The Institute for Cancer Research in the United Kingdom is conducting research using gene tests to identify which patients will benefit from PSMA targeting therapies such as Lutetium 177.
"The researchers analysed tumour samples from men with advanced prostate cancer who had been treated at The Royal Marsden NHS Foundation Trust, in order to try to understand why the response to search-and-destroy treatment varied.
They found that the target for these new treatments – a protein molecule called prostate-specific membrane antigen, or PSMA – was present at higher levels on the surface of cancer cells in some patients than others. PSMA levels even varied substantially between different cancer sites in the same patient.
But crucially, the amount of PSMA on the surface of cancer cells was more than four times higher in tumours where there were also faults in DNA repair genes.

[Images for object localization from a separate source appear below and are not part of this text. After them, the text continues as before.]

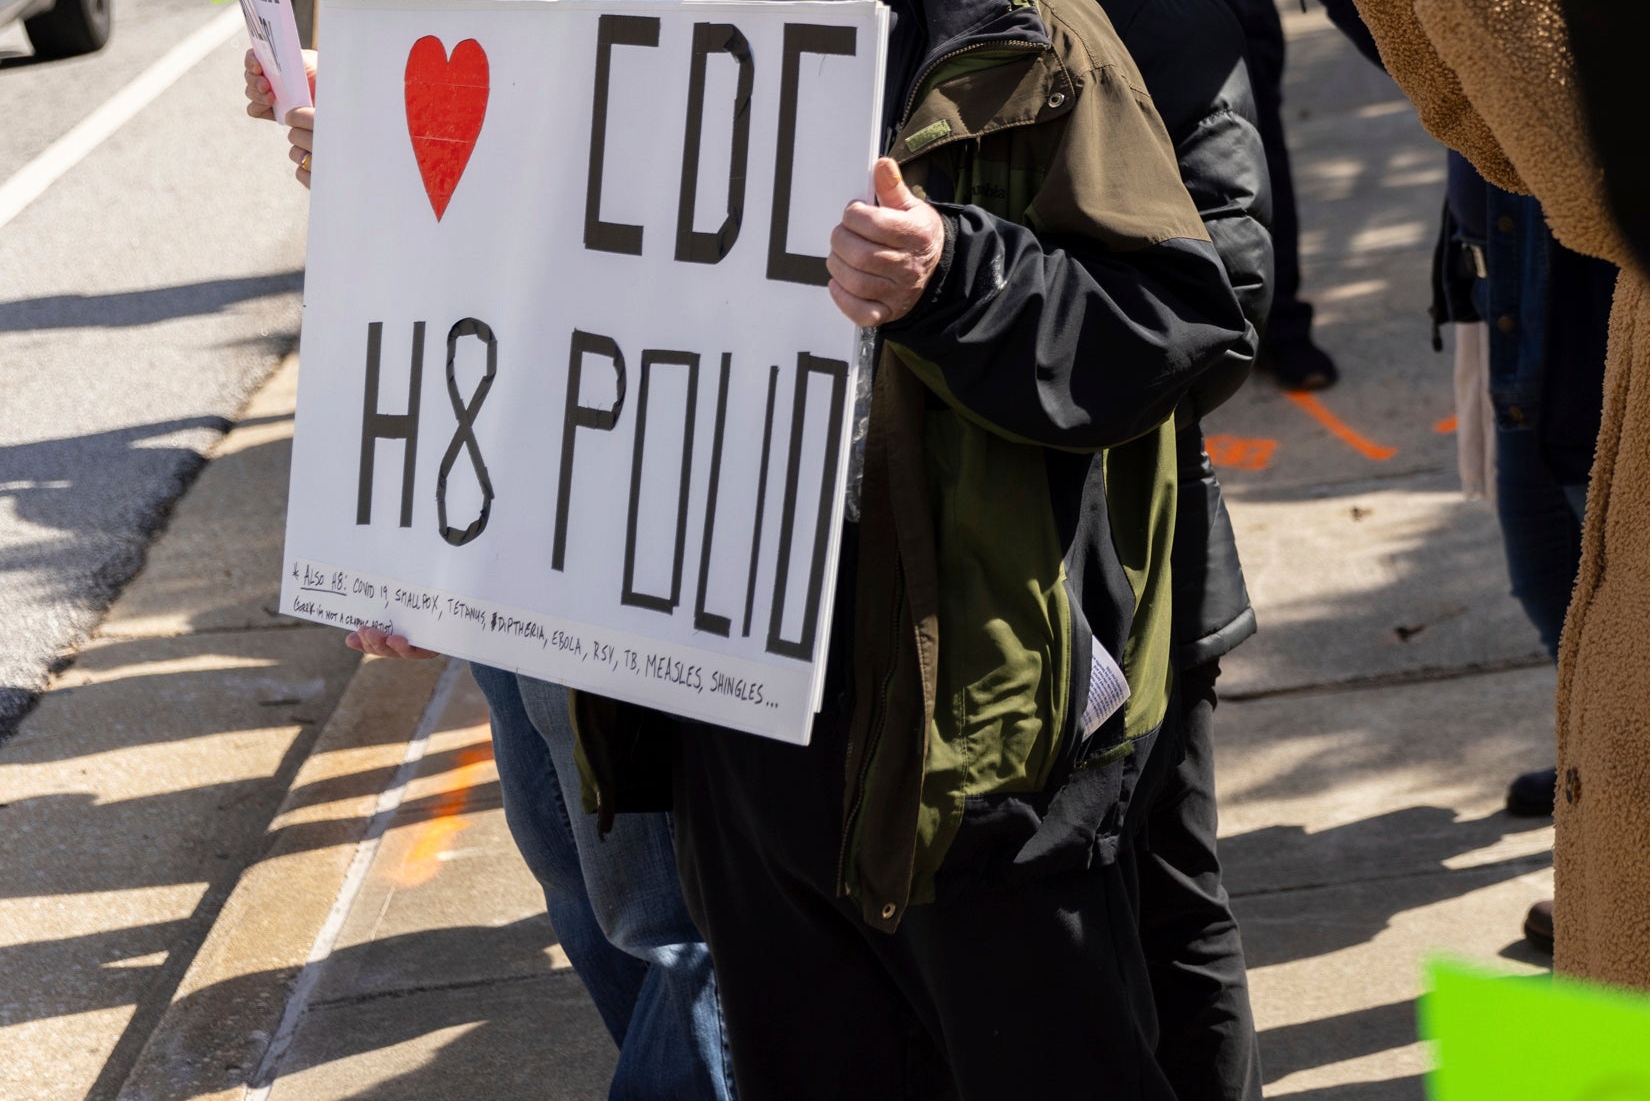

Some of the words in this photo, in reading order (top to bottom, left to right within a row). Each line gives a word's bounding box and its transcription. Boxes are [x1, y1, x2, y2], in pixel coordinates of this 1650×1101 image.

[584, 15, 857, 287] CDC
[356, 317, 498, 547] H8
[552, 327, 850, 662] POLIO
[304, 564, 325, 586] ALSO
[353, 578, 375, 599] COVID
[448, 598, 487, 630] TETANUS,
[551, 630, 588, 663] EBOLA,
[593, 640, 619, 672] RSV,
[624, 650, 641, 675] TB,
[645, 654, 704, 694] MEASLES,
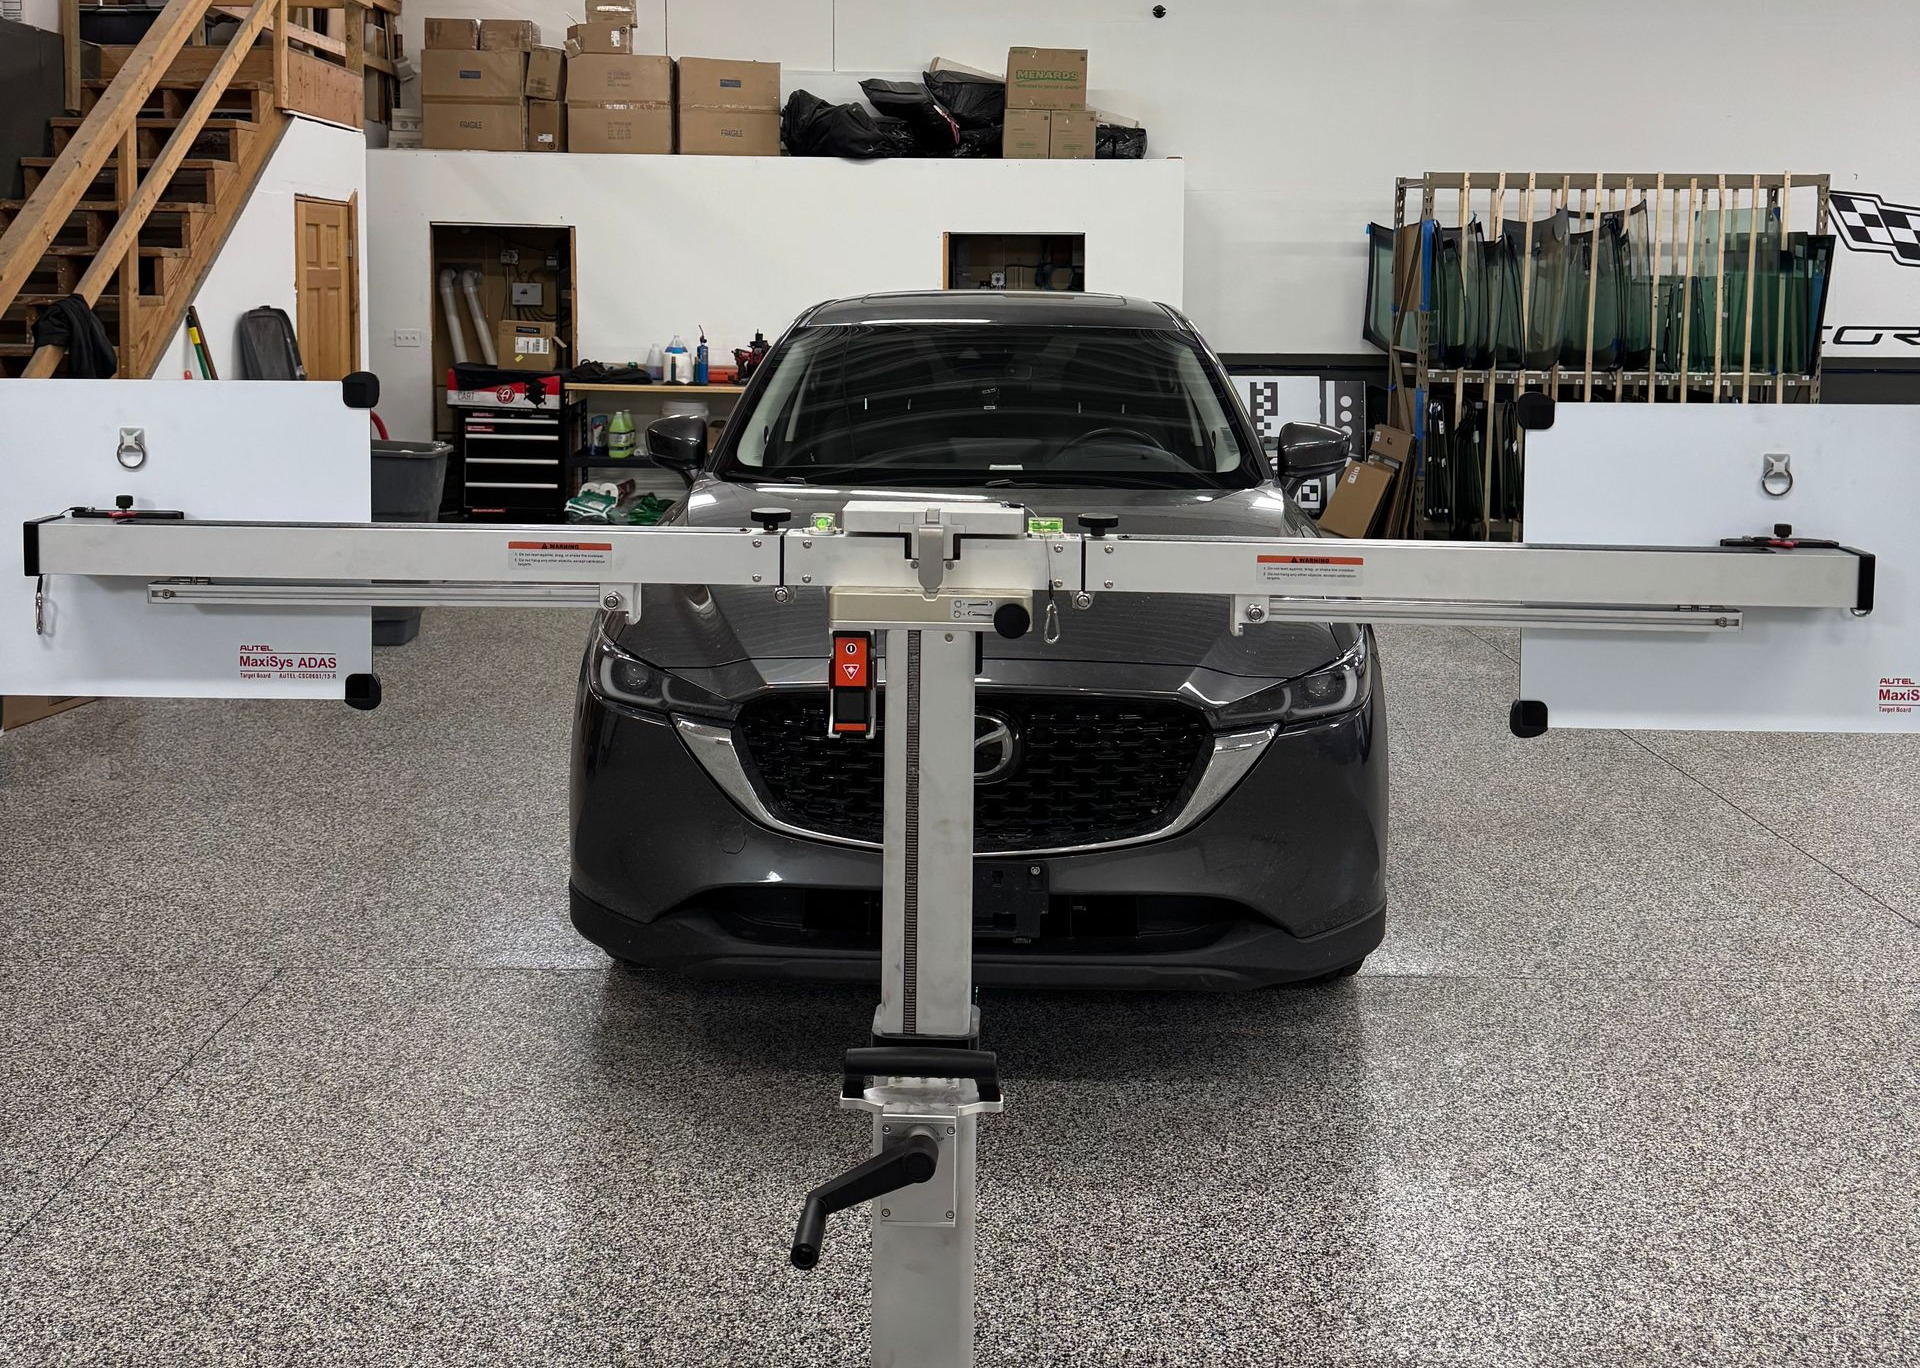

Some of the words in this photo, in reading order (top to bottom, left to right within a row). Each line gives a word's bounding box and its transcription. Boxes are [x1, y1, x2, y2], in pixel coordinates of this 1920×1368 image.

[1016, 69, 1079, 81] MENARDS
[460, 121, 482, 129] FRAGILE
[721, 129, 744, 138] FRAGILE
[240, 656, 293, 669] MaxiSys
[298, 657, 337, 668] ADAS

That means that testing for genetic faults in DNA repair genes could be used as a first-stage screen to select patients for PSMA-targeted treatment – followed by having tumours scanned using PSMA imaging technology.

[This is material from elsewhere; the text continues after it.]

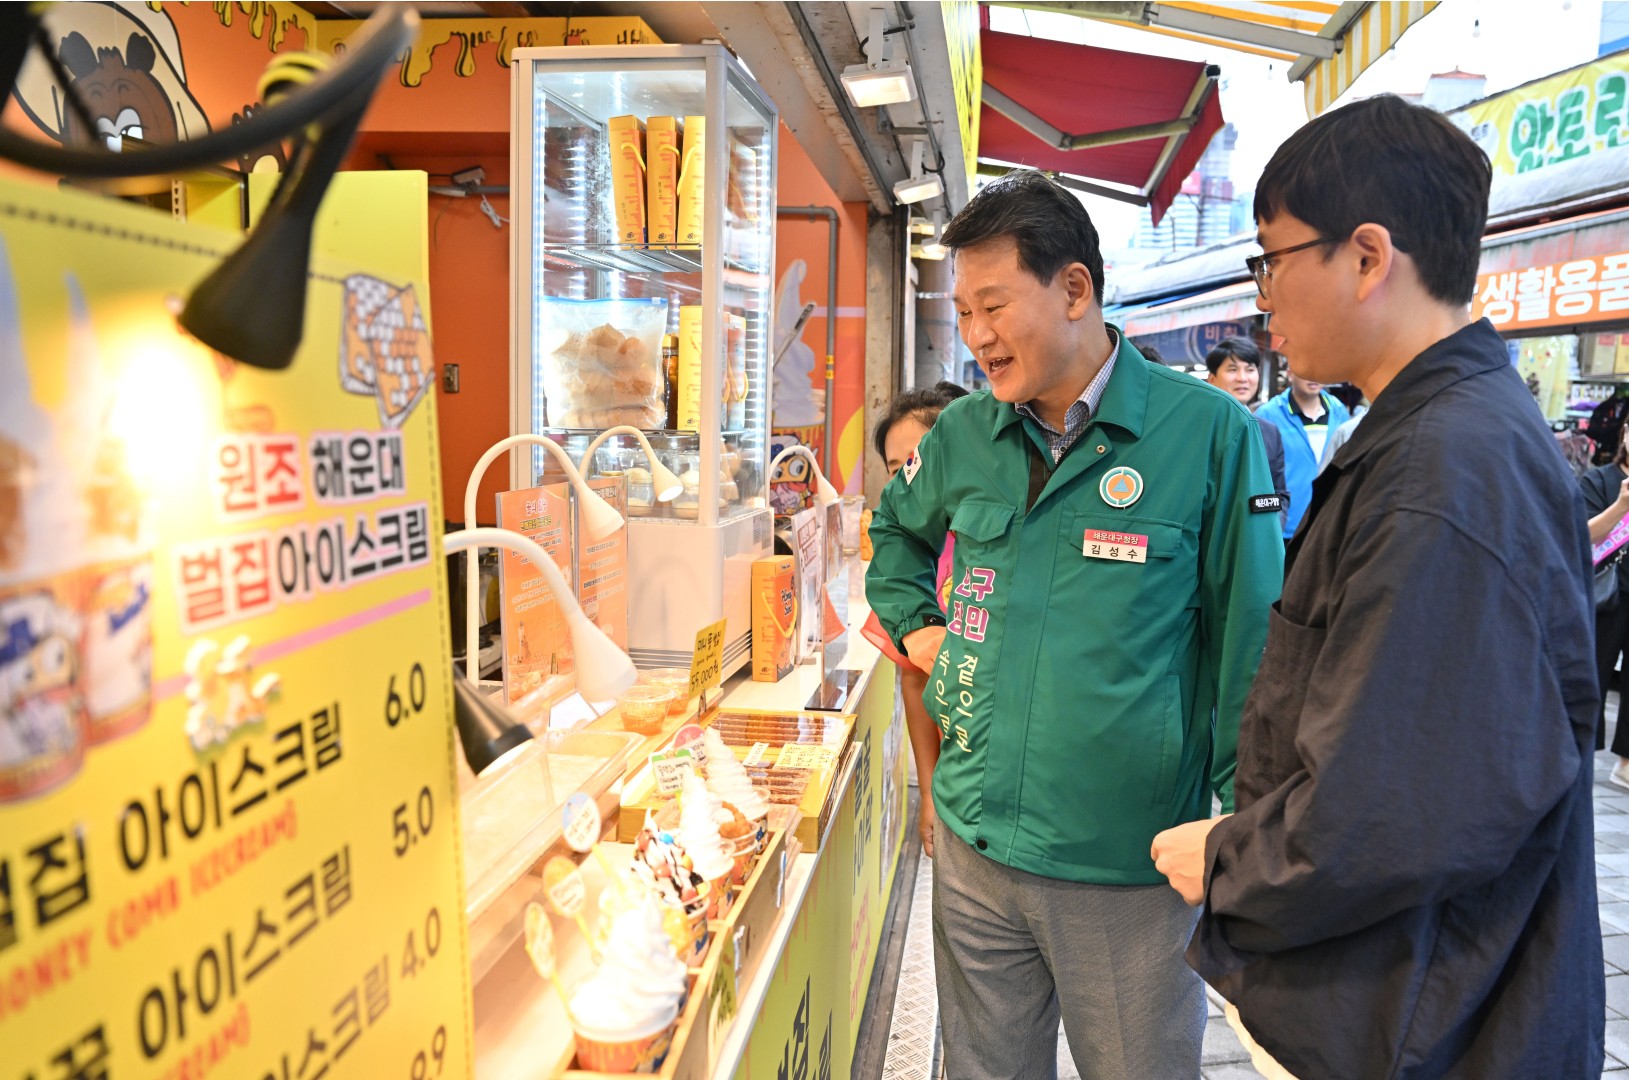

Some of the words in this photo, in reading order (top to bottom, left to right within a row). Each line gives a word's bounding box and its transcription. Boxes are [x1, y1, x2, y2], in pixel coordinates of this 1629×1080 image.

The researchers believe that PSMA plays a key role in keeping the genome in cells stable – and could be produced by tumours as a survival mechanism where they are defective in repairing their DNA. This could explain the link between DNA repair faults and high levels of PSMA.
These findings also suggest that combination therapy with other drugs that increase genetic instability could make prostate tumours more likely to respond to PSMA-targeting treatments."